Stored records:
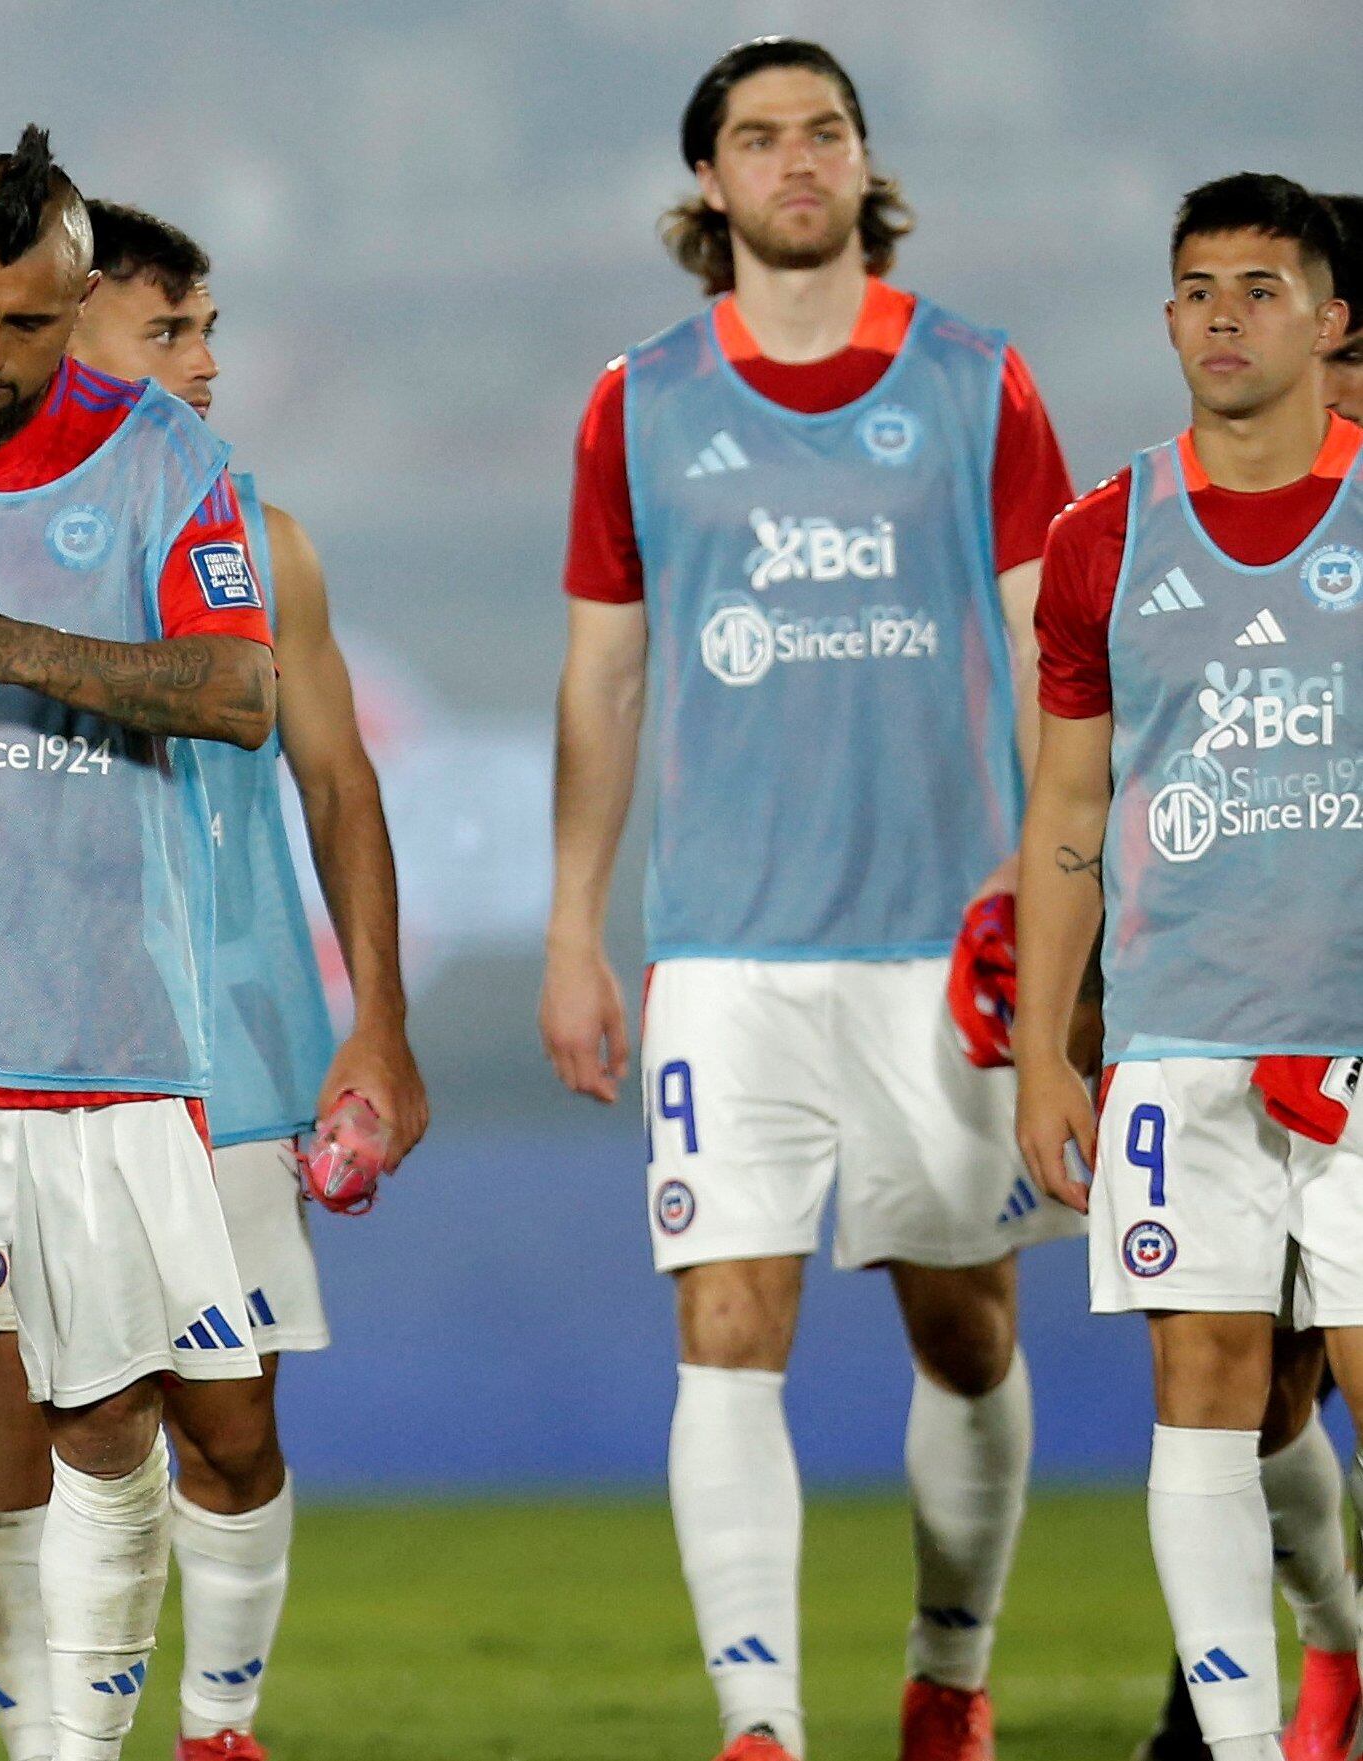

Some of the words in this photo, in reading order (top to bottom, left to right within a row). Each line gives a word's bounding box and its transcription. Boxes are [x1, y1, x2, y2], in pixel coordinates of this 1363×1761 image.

[810, 521, 896, 582] Bci
[706, 613, 768, 679] MG
[775, 624, 866, 662] Since
[871, 619, 938, 658] 1924
[1253, 691, 1334, 749] Bci
[37, 733, 113, 775] 1924
[1153, 788, 1212, 857] MG
[1220, 800, 1303, 838] Since
[1309, 792, 1363, 830] 192
[1125, 1103, 1166, 1206] 9
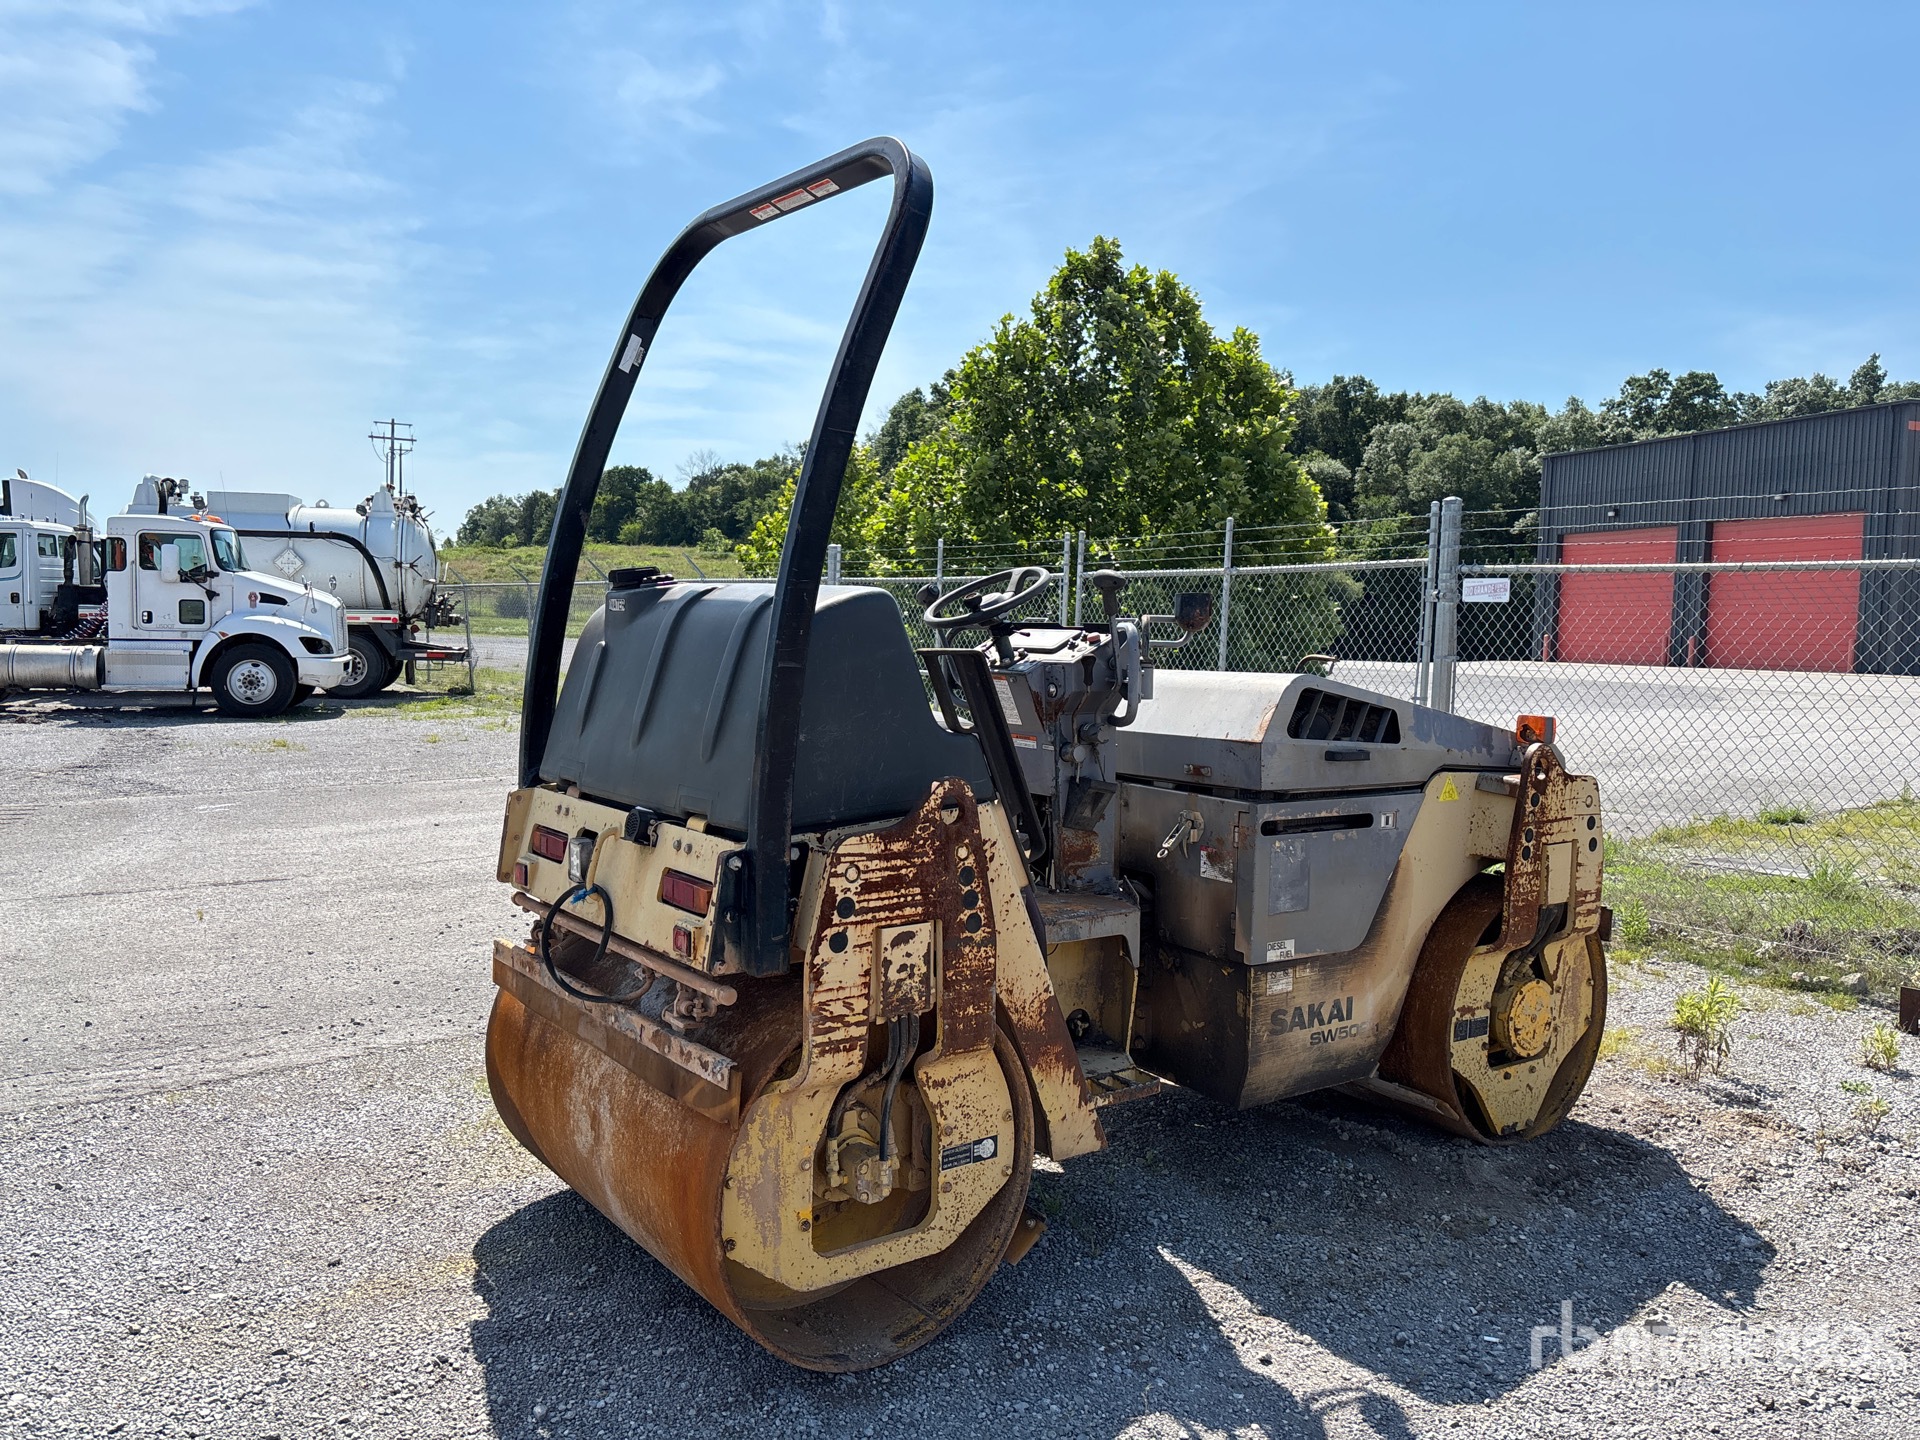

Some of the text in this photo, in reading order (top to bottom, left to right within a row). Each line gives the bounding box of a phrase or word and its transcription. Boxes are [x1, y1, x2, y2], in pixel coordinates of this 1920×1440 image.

[1267, 941, 1286, 951] DIESEL
[1280, 950, 1294, 960] FUEL
[1268, 996, 1354, 1036] SAKAI

*WHAT YOU HAVE TO DO*
Give an exact copy of the entries, excluding all pictures.

*ANSWER SECTION*
Some of the words in this photo, in reading order (top to bottom, left to right within a row). Each line gives a word's bounding box and its transcription. Boxes are [x1, y1, x2, y2], in pixel coordinates of this 1363×1761 image.

[810, 521, 896, 582] Bci
[706, 613, 768, 679] MG
[775, 624, 866, 662] Since
[871, 619, 938, 658] 1924
[1253, 691, 1334, 749] Bci
[37, 733, 113, 775] 1924
[1153, 788, 1212, 857] MG
[1220, 800, 1303, 838] Since
[1309, 792, 1363, 830] 192
[1125, 1103, 1166, 1206] 9

Some of the text in this photo, in reading order (top to bottom, left to right within a row). Each line gives the bounding box of a phrase or word and its transcription. Boxes are [x1, y1, x2, y2], in pixel coordinates of this 1920×1440 image.

[1267, 941, 1286, 951] DIESEL
[1280, 950, 1294, 960] FUEL
[1268, 996, 1354, 1036] SAKAI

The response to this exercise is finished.